After that, Chase hadn’t let go of her hand for one minute as they made the rounds, seniors congratulating each other and high fiving, and girls exchanging tearful ‘we’ll stay in touch, right?!’ cries. After an hour or two, Chase pulled Polly close and whispered in her ear, giving her a full body shiver.

“Let’s get out of here,” he’d said, and like the love struck girl she was, she had followed him.

Chase’s truck was parked away from the party, down an abandoned mining road that led right to the water’s edge, the bed of the truck facing the waves. Polly was grateful when Chase bypassed the driver’s seat – he was in no condition to drive – and instead spread a blanket in the bed of the truck, giving her a gentlemanly hand up into the bed.

They had sat, propped against the cab, fingers intertwined and talking for what felt like hours, but in reality was probably more like minutes. Polly’s heart was pounding of her chest, and then exploded into a million stars when Chase leaned over and gently, softly, pressed his lips to hers.

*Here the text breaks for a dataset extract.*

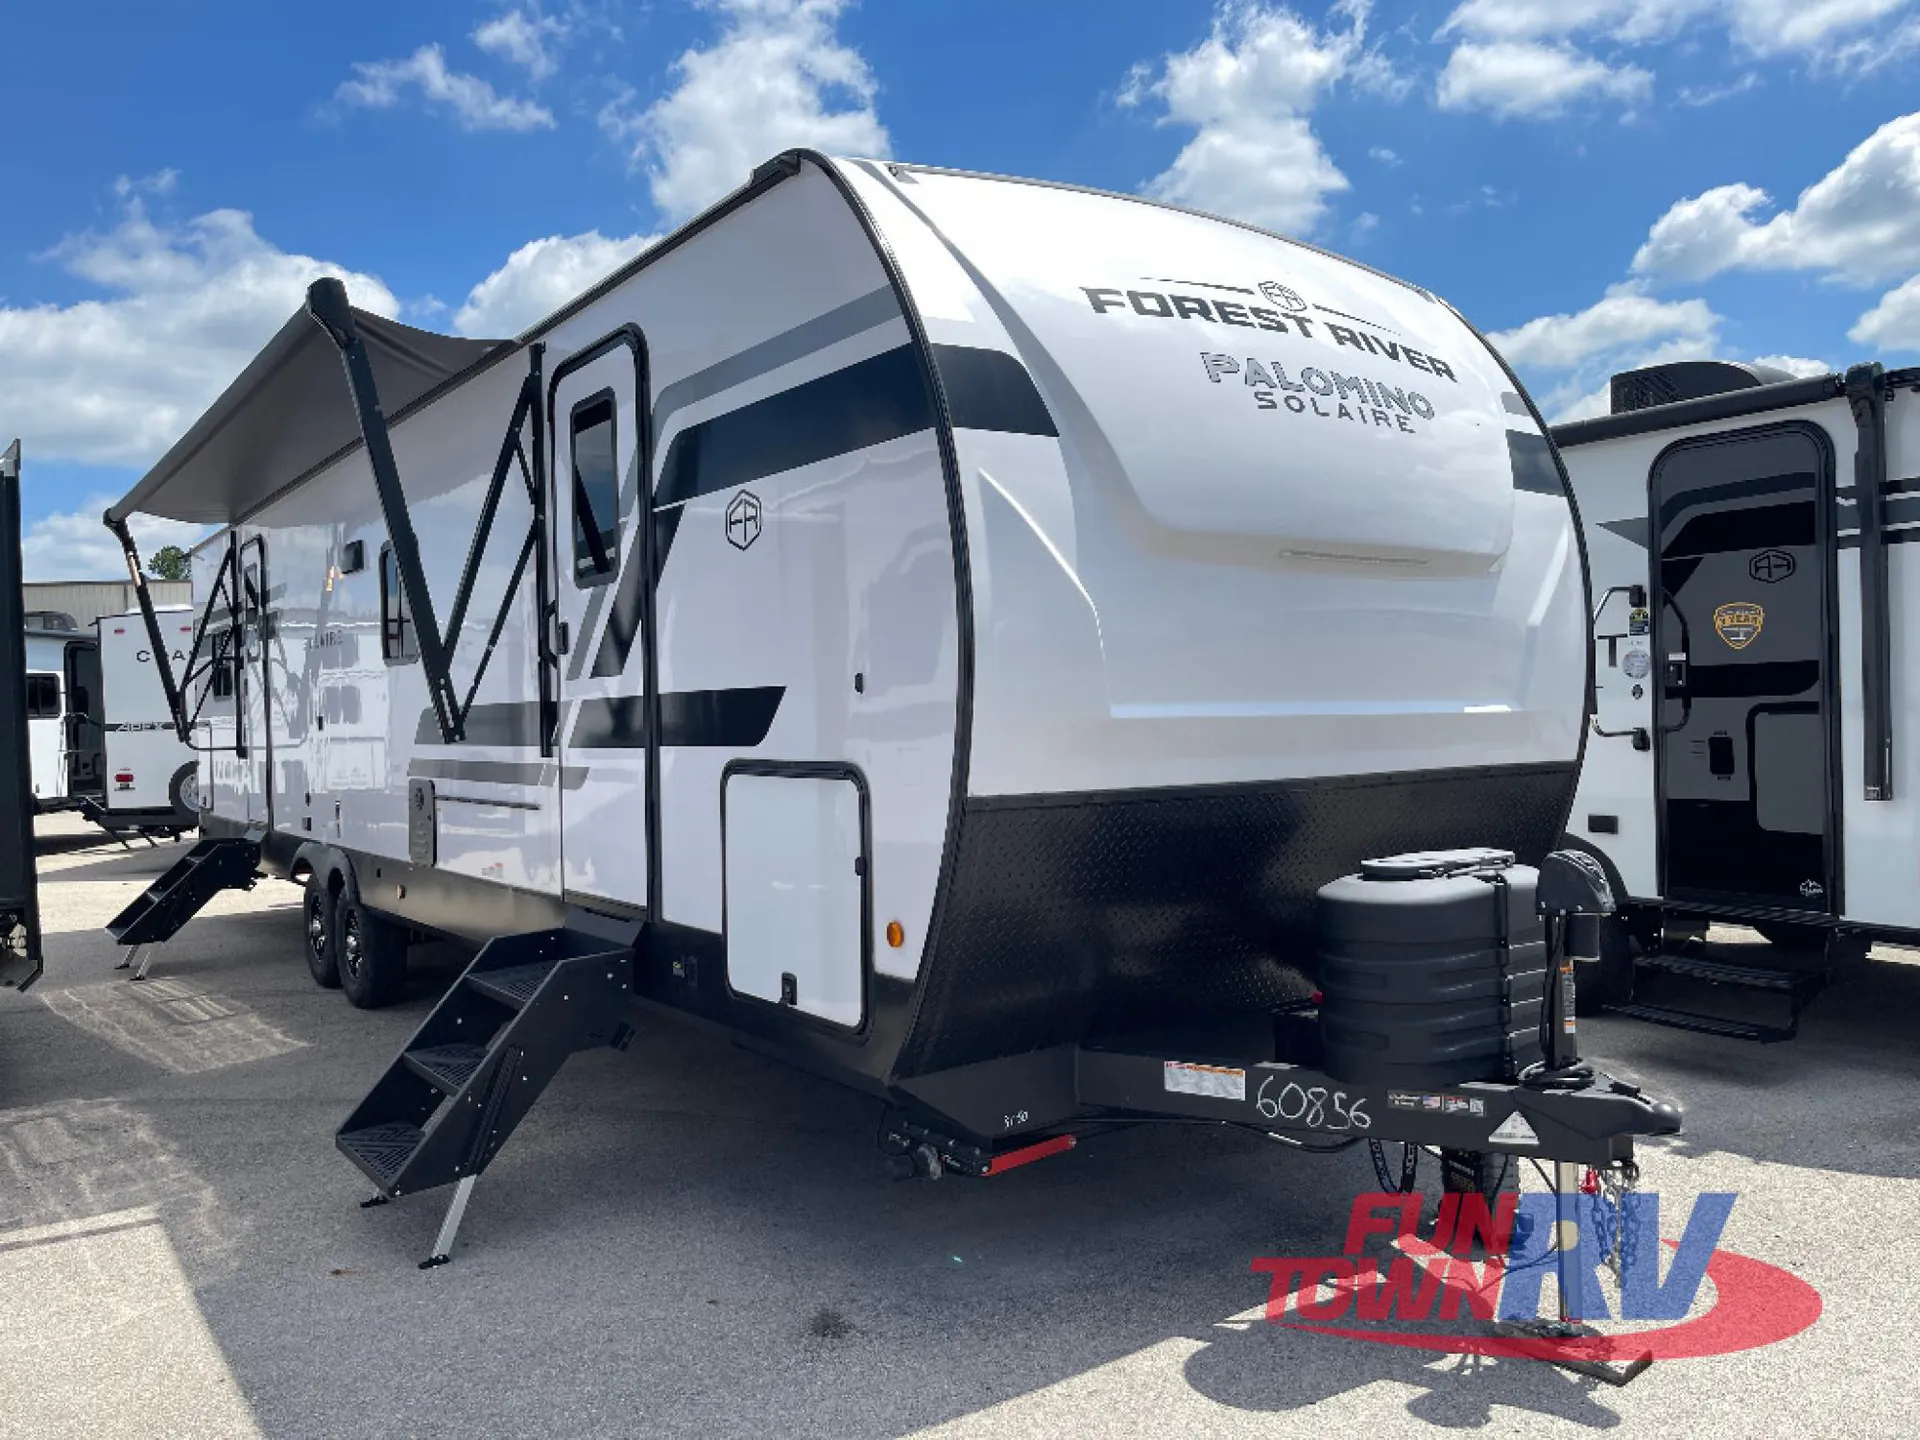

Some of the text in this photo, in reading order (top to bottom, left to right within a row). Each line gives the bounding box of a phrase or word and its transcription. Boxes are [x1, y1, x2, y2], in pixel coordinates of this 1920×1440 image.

[1080, 286, 1458, 383] FOREST RIVER
[1200, 351, 1435, 420] PALOMINO
[1253, 390, 1416, 434] SOLAIRE
[1256, 1075, 1371, 1129] 60856

“You’re special, red,” he’d whispered, tugging her into his waiting arms, and sliding them horizontal, his lips pressed against the skin of her neck, her collarbone, her earlobe, his hand exploring her body first on top of, then below, her clothes.

Polly couldn’t believe it was happening – she’d had boyfriends before, but none of them had gone this far, at her insistence. But this was Chase Colton, the boy who had owned her heart since she was eight years old… and now he really wanted her.

Their lovemaking, to her seventeen year old mind, was as romantic and blissful as was possible, her heart exploding with undeniable emotion: Chase Colton had picked her, and she had decided he would be her first. And it was PERFECT.

With fifteen years experience, Polly realized now the entire production was brief, a bit sloppy, and more than a little chilly in the bed of a truck. She still thought of that night with raw emotion and would always think of Chase with heightened feeling because of his status as her first, but she wondered now that they had reconnected…

Did Chase even remember that night?

He hadn’t blushed or made any snide remarks when they were reunited yesterday. He hadn’t given her any ‘nudge nudge, wink wink’ overtures… did Chase honestly not remember WHO he had taken into the bed of his truck that night?

With ringing clarity, Polly suddenly realized: probably not.

What had been romantic and life altering to her was probably just another drunken Saturday night for newly minted bad boy Chase Colton.

Oh god. She was never, never going to remind him of it. Better for her to bear the humiliation of being forgotten on her own, than have to sit through a tortured conversation of ‘of course I remembered, baby, best night of my life’, which would so clearly be a lie.

Yup: deny, deny, deny. That night never happened.

Polly finished her glass, put it on the coffee table, and air guitared to a little Foreigner for good measure.